Background information
- Born: 5 March 1972 (age 53) Trieste, Italy
- Occupations: Musician; composer; arranger; record producer;
- Instruments: Guitar; keyboards; piano;
- Years active: 1993–present
- Formerly of: Rhapsody of Fire; Turilli / Lione Rhapsody; Luca Turilli's Rhapsody; Luca Turilli's Dreamquest;

= Luca Turilli =

Italian musician

Luca Turilli (born 5 March 1972) is an Italian composer, arranger, producer and multi-instrumentalist. He is the original guitarist and a founder of the symphonic power metal band Rhapsody, later called Rhapsody of Fire, for which he composed and arranged all music with his colleague Alex Staropoli from 1997 until 2011.

In the early 2000s, Turilli released a trilogy of solo studio albums and one studio album under the name of Luca Turilli's Dreamquest. After his split from Rhapsody of Fire, he released three studio albums under the name Luca Turilli's Rhapsody. In 2019 Turilli released a studio album with other former Rhapsody of Fire members under the name Turilli / Lione Rhapsody.

In 2020, he announced the release of his debut piano album.

== Early life ==

Turilli was born in Trieste, Venezia Giulia, Italy. His father was a cello player who died when Turilli was only two years old. He inherited his passion for classical music, and at 16 years old, he started playing guitar. In 1993, Turilli survived cancer at age 21. At the age of 22, he started playing piano.

==Career==

In 1993, Turilli founded the band Thundercross, which was renamed Rhapsody after releasing the first demo, and renamed once again to Rhapsody of Fire for trademark reasons in 2006.

In 2008, Turilli began an online guitar course titled Luca Turilli's Neoclassical Revelation.

In August 2011, Turilli split from Rhapsody of Fire, choosing to move forward with a new group, Luca Turilli's Rhapsody. This band released their debut album entitled Ascending to Infinity in 2012. Their second album Prometheus, Symphonia Ignis Divinus followed in 2015, One year later the same album was released under the title Prometheus, The Dolby Atmos Experience + Cinematic and Live. The album, mixed by producer/mixing engineer Chris Heil was the first one in music history to be mixed in Dolby Atmos

From November 2016 to March 2018, Turilli and his former bandmates Fabio Lione and Alex Holzwarth who in the meantime had also left Rhapsody of Fire, toured as Rhapsody Reunion on a tour entitled "20th Anniversary Farewell Tour".

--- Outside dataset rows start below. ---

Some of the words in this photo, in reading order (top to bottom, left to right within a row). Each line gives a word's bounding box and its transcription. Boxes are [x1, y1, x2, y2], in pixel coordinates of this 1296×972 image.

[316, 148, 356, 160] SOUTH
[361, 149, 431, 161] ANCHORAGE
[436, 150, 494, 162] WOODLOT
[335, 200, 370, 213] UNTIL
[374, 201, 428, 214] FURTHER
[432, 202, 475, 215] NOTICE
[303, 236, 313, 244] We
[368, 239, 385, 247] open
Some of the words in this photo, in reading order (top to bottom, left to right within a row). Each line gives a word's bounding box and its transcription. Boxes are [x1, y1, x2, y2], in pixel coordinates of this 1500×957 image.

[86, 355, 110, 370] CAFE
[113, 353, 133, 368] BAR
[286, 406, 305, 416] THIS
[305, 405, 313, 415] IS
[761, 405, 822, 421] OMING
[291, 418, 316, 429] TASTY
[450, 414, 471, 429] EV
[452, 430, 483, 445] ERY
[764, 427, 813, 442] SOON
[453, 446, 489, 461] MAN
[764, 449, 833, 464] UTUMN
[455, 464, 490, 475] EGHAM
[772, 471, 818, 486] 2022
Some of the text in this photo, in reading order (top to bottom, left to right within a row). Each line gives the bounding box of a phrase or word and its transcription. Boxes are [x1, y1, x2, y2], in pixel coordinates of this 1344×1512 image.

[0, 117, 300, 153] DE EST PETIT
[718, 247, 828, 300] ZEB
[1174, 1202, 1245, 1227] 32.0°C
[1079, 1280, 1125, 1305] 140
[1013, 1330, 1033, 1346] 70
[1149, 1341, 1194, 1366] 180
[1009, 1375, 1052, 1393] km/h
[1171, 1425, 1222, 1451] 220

After the tour's ending this same lineup formed a new band entitled Turilli / Lione Rhapsody. This band released their only album Zero Gravity (Rebirth and Evolution) in 2019. Turilli / Lione Rhapsody later disbanded in February 2023 following a final tour in Latin America, announcing that they would be "closing the chapter of their career for good".

== Playing style ==

Early in his career, Turilli was influenced by guitarists such as Yngwie Malmsteen, Tony MacAlpine, Marty Friedman and especially Jason Becker who is considered by him today as the greatest guitarist ever. His lead playing often includes extensive use of sweep picked arpeggios, tremolo picking, classically influenced phrases, and scales such as aeolian, harmonic minor, phrygian, locrian, and melodic minor. In his latest albums, he introduced new ethnic elements such as Hirajoshi and Pentatonic scales. As a pianist, his main influences are Romantic pianists like Chopin and contemporary composers such as Ludovico Einaudi, Yann Tiersen, Yiruma and Philip Glass.

==Discography==

Studio albums:
- King of the Nordic Twilight (1999)
- Prophet of the Last Eclipse (2002)
- The Infinite Wonders of Creation (2006)

===Rhapsody of Fire===
Studio albums:
- Legendary Tales (1997)
- Symphony of Enchanted Lands (1998)
- Dawn of Victory (2000)
- Rain of a Thousand Flames (2001)
- Power of the Dragonflame (2002)
- Symphony of Enchanted Lands II – The Dark Secret (2004)
- Triumph or Agony (2006)
- The Frozen Tears of Angels (2010)
- From Chaos to Eternity (2011)

EPs and live albums:
- The Dark Secret (2004)
- Live in Canada 2005: The Dark Secret (2006)
- The Cold Embrace of Fear – A Dark Romantic Symphony (2010)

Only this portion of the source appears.